Department of Epidemiology, Harvard School of Public Health, Harvard-MIT Division of Health Sciences and Technology, Boston, MA 02115, USA.
Int J Epidemiol. 2011 Jun;40(3):780-5. doi: 10.1093/ije/dyr041. Epub 2011 Mar 30.
In a famous article, Simpson described a hypothetical data example that led to apparently paradoxical results.
We make the causal structure of Simpson's example explicit.
We show how the paradox disappears when the statistical analysis is appropriately guided by subject-matter knowledge. We also review previous explanations of Simpson's paradox that attributed it to two distinct phenomena: confounding and non-collapsibility.

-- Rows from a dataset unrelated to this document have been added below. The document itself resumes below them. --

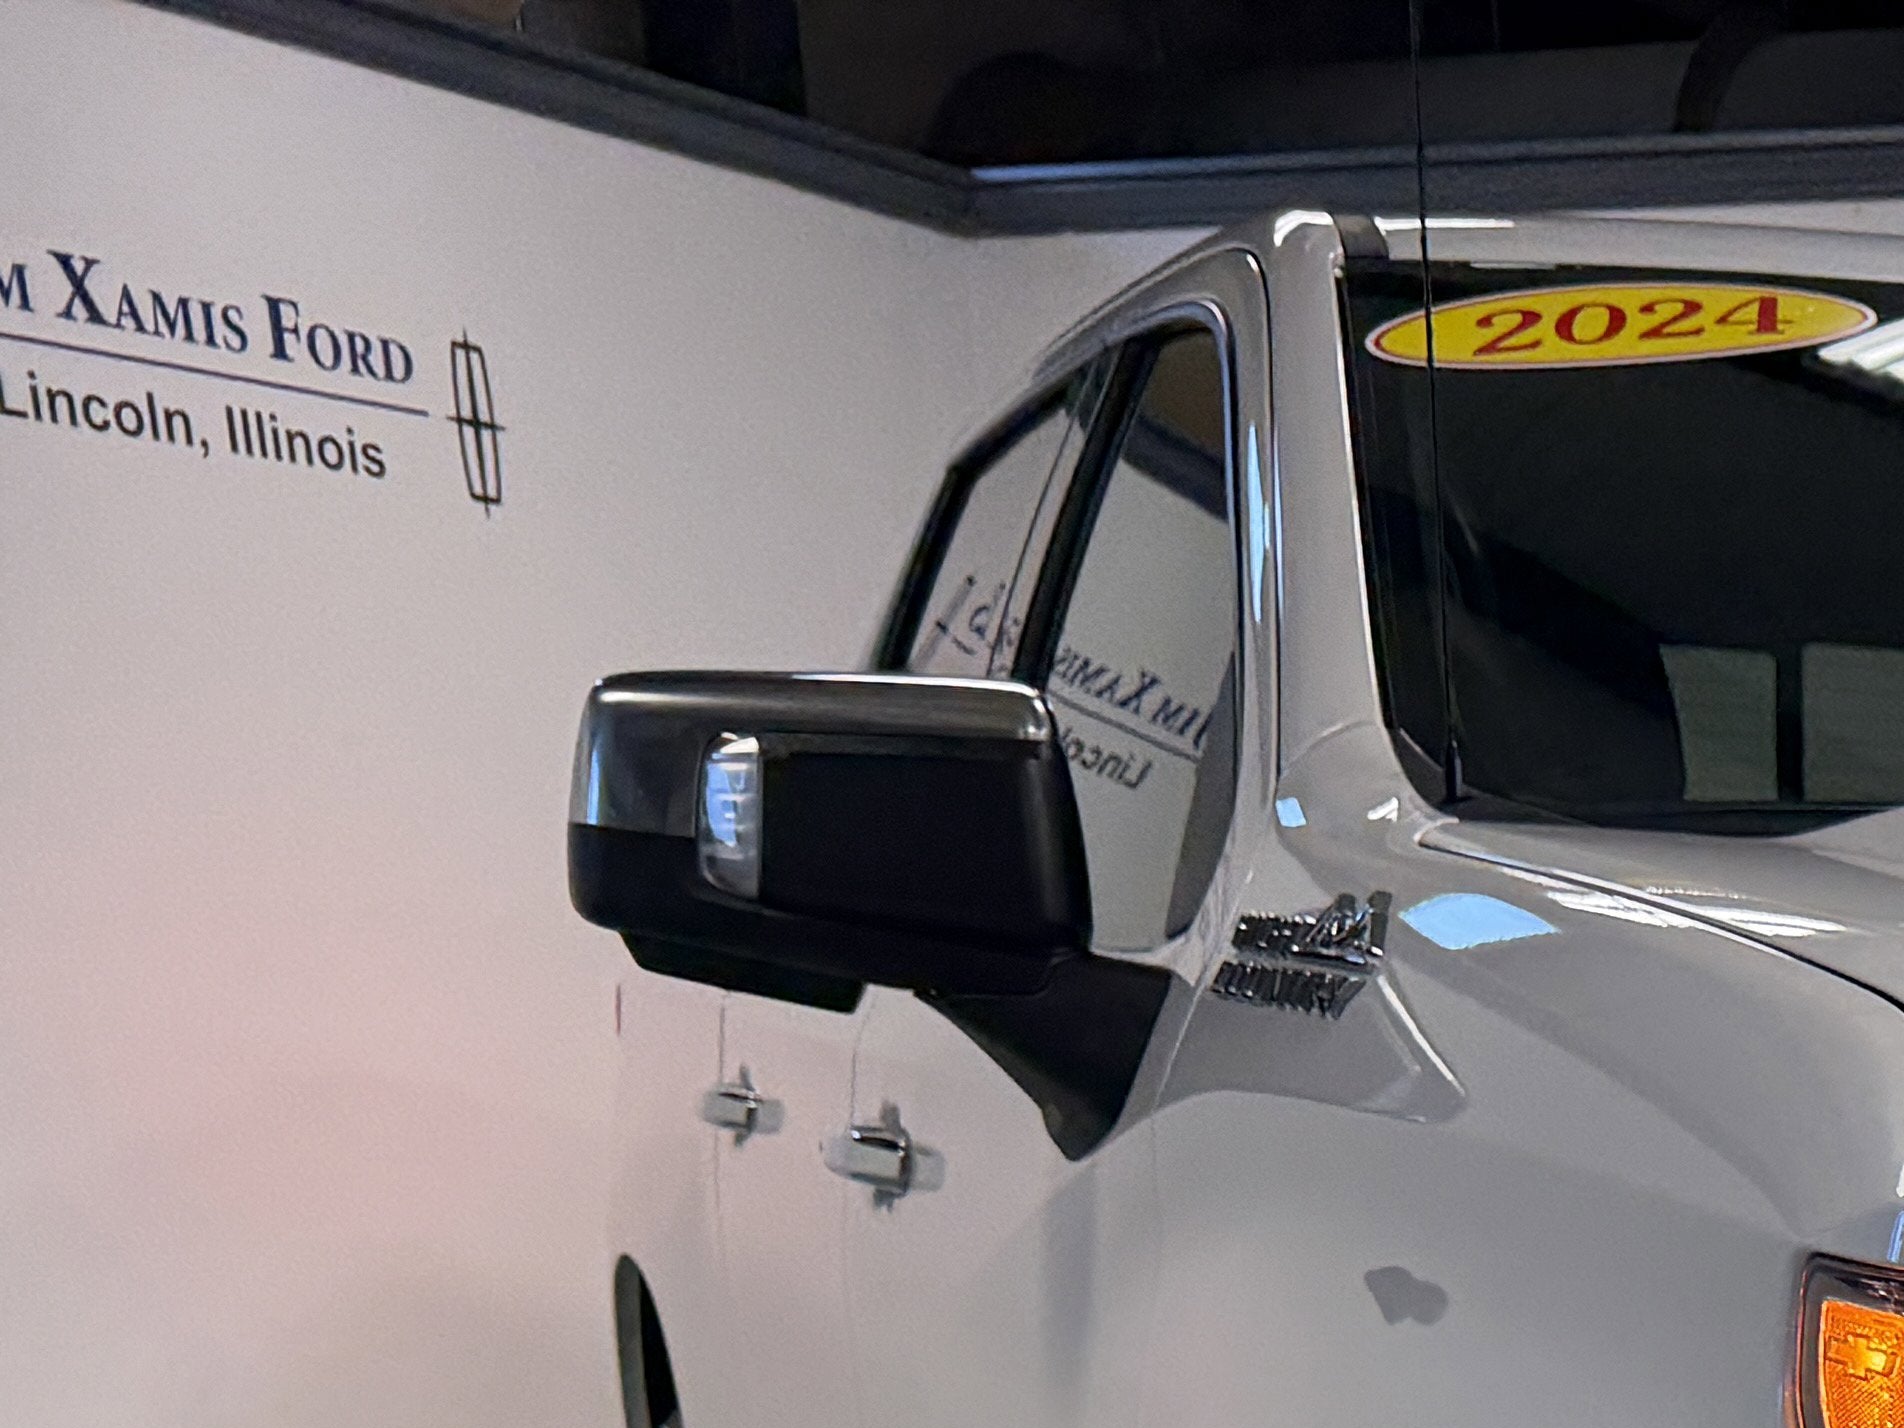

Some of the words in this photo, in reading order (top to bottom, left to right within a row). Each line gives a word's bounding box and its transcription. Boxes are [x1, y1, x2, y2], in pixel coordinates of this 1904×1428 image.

[46, 249, 250, 354] XAMIS
[260, 294, 414, 385] FORD
[1471, 295, 1796, 358] 2024
[0, 369, 210, 458] Lincoln,
[226, 404, 388, 480] Illinois

Analytical errors may occur when the problem is stripped of its causal context and analyzed merely in statistical terms.
辛普森在一篇著名文章中描述了一个假设的数据例子,导致了明显的悖论结果。
我们使辛普森例子的因果结构变得明确。
我们展示了当统计分析受到主题知识的适当指导时,悖论是如何消失的。我们还回顾了以前对辛普森悖论的解释,这些解释将其归因于两种截然不同的现象:混杂和不可 collapsibility。
当问题被剥夺其因果背景并仅从统计角度进行分析时,可能会出现分析错误。